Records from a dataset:
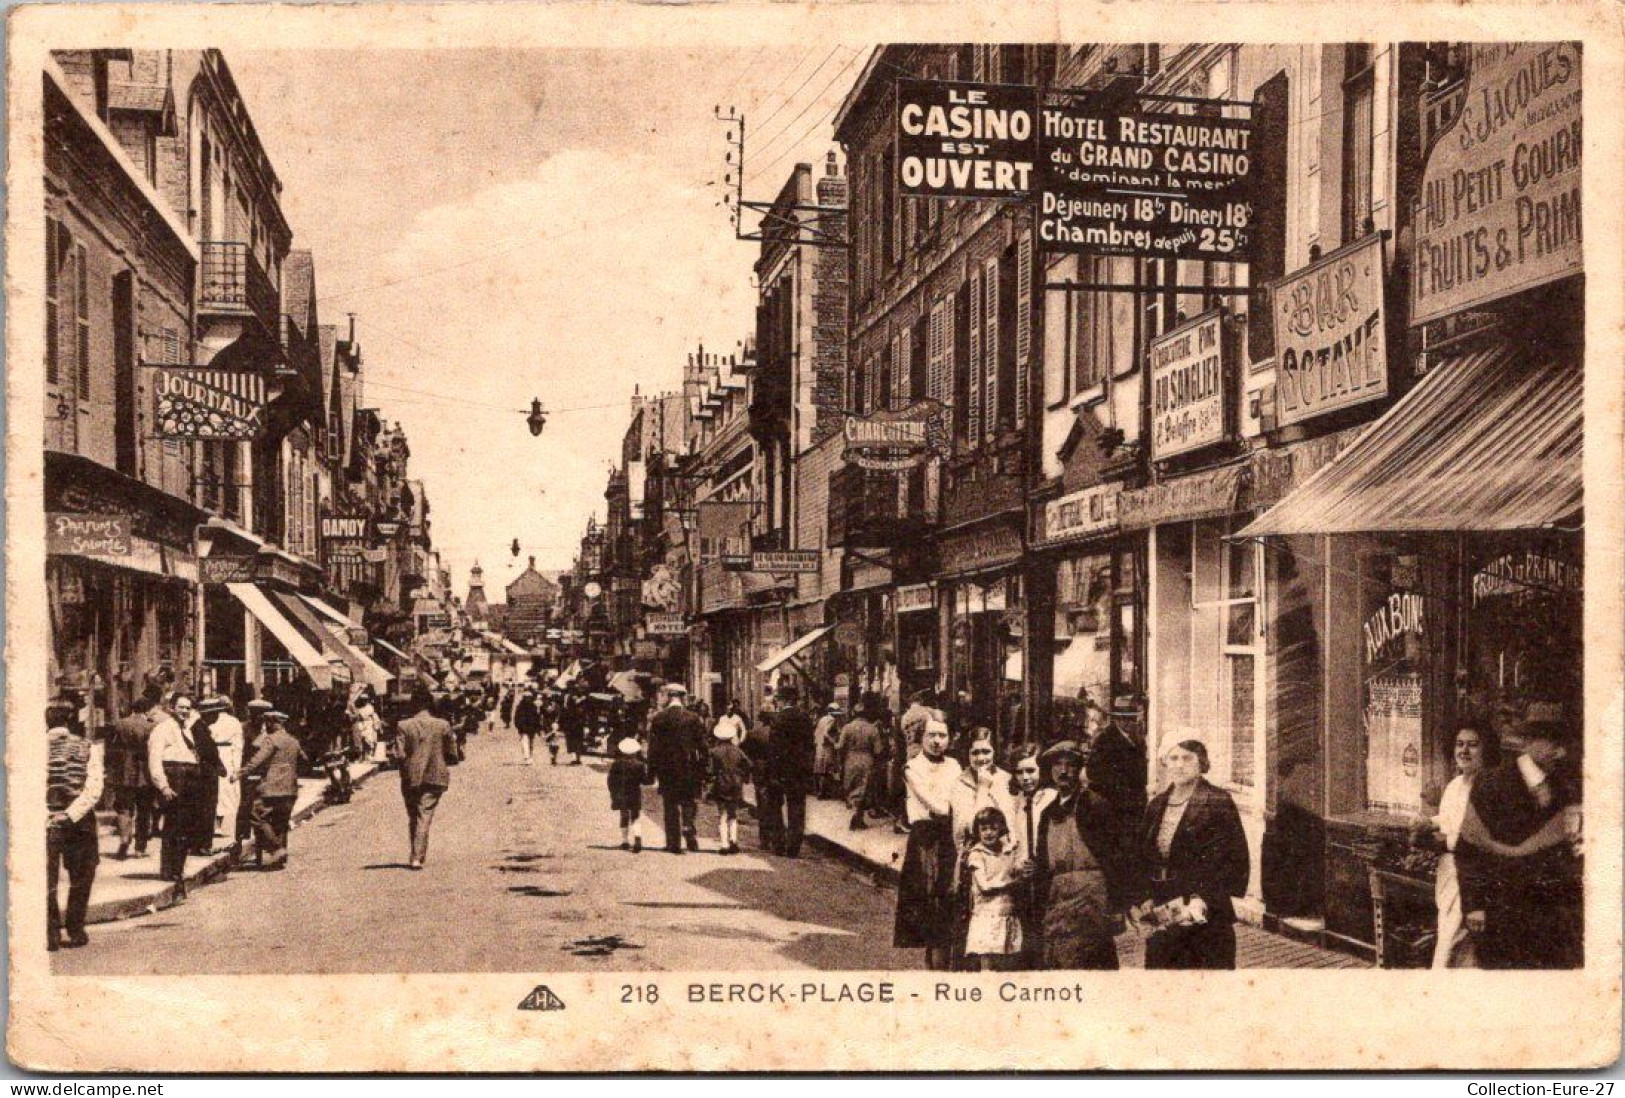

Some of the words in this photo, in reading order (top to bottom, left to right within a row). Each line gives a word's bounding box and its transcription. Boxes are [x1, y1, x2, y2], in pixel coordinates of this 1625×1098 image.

[949, 89, 989, 105] LE
[1477, 40, 1572, 142] JACQUES
[901, 103, 1032, 142] CASINO
[1043, 110, 1107, 142] HOTEL
[1119, 116, 1251, 150] RESTAURANT
[941, 143, 990, 155] EST
[1050, 147, 1072, 163] du
[1080, 141, 1154, 170] GRAND
[1164, 147, 1250, 176] CASINO
[901, 156, 1034, 192] OUVERT
[1167, 173, 1181, 188] la
[1042, 192, 1129, 222] Déjeuners
[1170, 201, 1223, 228] Diners
[1426, 178, 1446, 233] AU
[1453, 159, 1506, 221] PETIT
[1040, 219, 1151, 250] Chambres
[1154, 228, 1197, 253] depuis
[1417, 226, 1490, 300] FRUITS
[1495, 228, 1512, 271] &
[1287, 261, 1359, 337] BAR
[155, 371, 262, 427] JOURNAUX
[1364, 606, 1390, 664] AUX
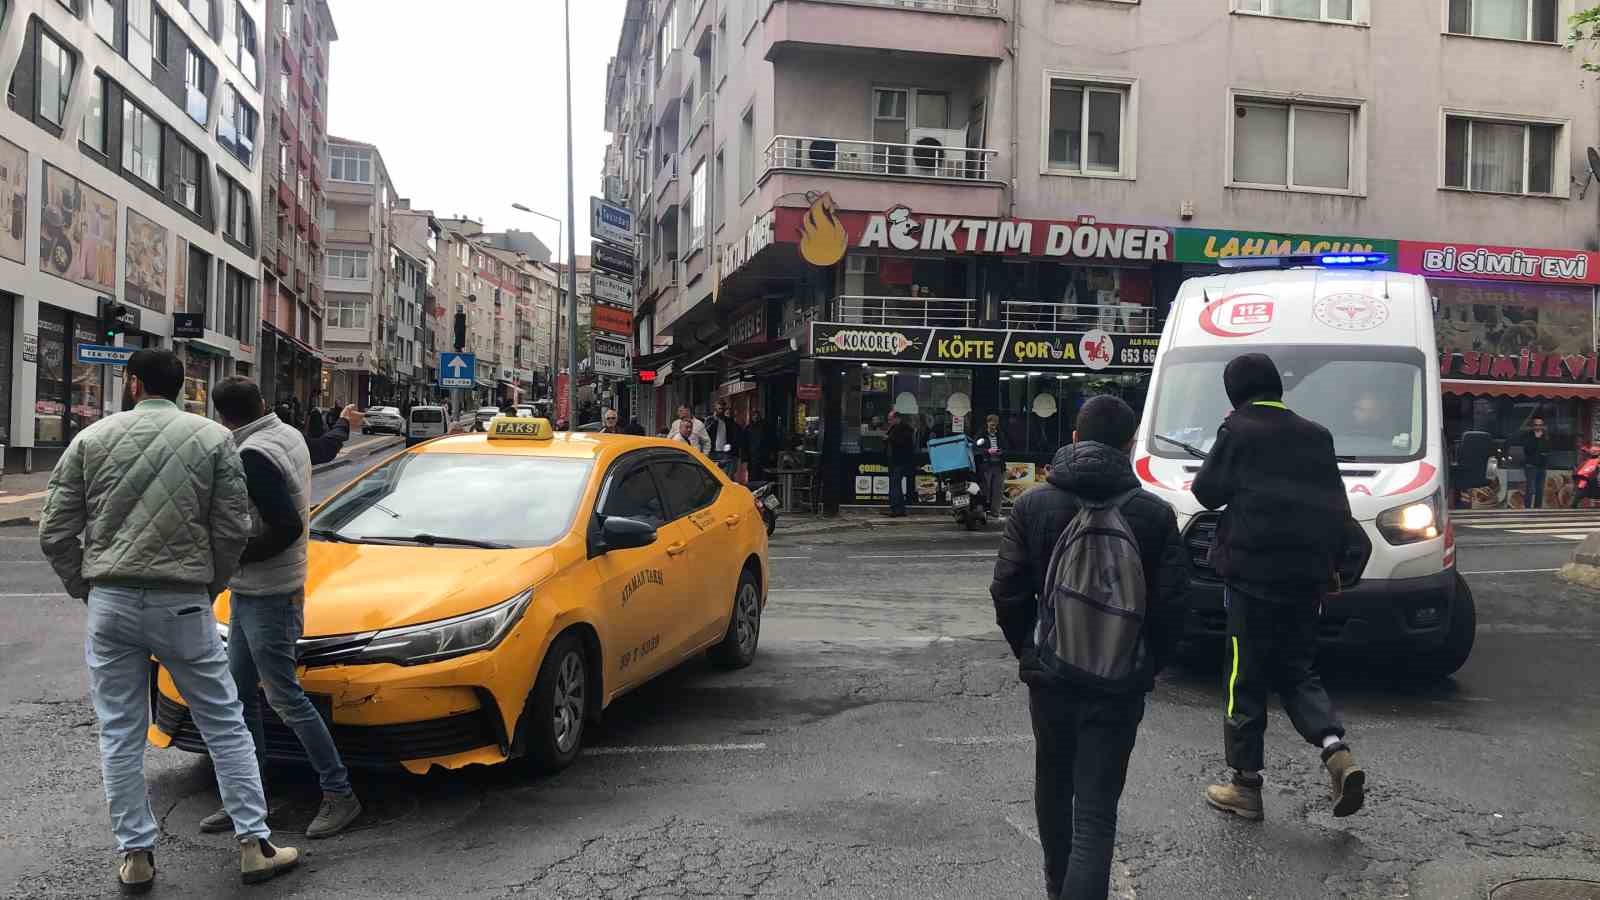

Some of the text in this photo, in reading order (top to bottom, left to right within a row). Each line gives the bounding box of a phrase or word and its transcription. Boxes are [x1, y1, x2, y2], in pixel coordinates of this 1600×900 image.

[1045, 215, 1169, 260] DÖNER
[1238, 304, 1266, 316] 112
[843, 334, 897, 355] KOKOREÇ
[938, 335, 994, 360] KÖFTE
[87, 350, 125, 359] TEK YÖN
[1121, 348, 1140, 363] 653
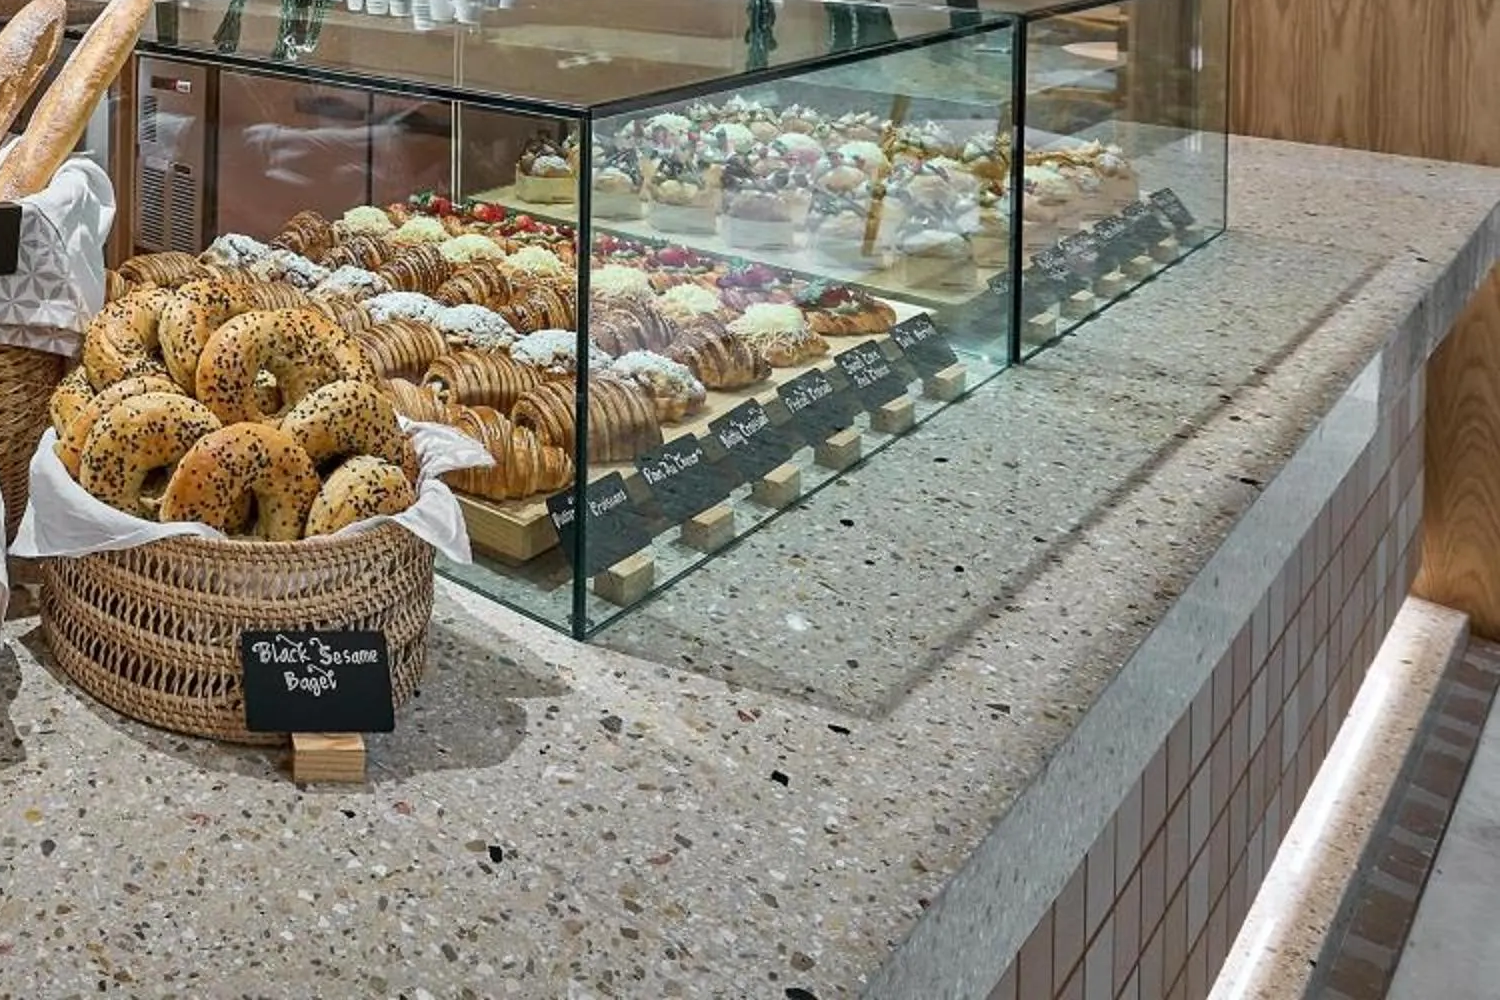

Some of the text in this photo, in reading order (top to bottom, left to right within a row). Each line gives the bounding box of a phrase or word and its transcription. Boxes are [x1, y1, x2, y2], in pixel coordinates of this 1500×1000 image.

- Required work
I would like you to set down the lines above, from the one containing "this 1600×900 image." to the final line, exactly as written and without pictures.

- Answer area
Some of the text in this photo, in reading order (top to bottom, left to right within a row). Each line gives the bounding box of a phrase or word and its transcription. Boxes are [x1, y1, x2, y2], in pixel coordinates of this 1600×900 image.

[1045, 215, 1169, 260] DÖNER
[1238, 304, 1266, 316] 112
[843, 334, 897, 355] KOKOREÇ
[938, 335, 994, 360] KÖFTE
[87, 350, 125, 359] TEK YÖN
[1121, 348, 1140, 363] 653

Some of the text in this photo, in reading order (top to bottom, left to right within a row). Each line gives the bounding box of a phrase or word and its transcription. Boxes are [x1, y1, x2, y2], in pixel coordinates of this 1500×1000 image.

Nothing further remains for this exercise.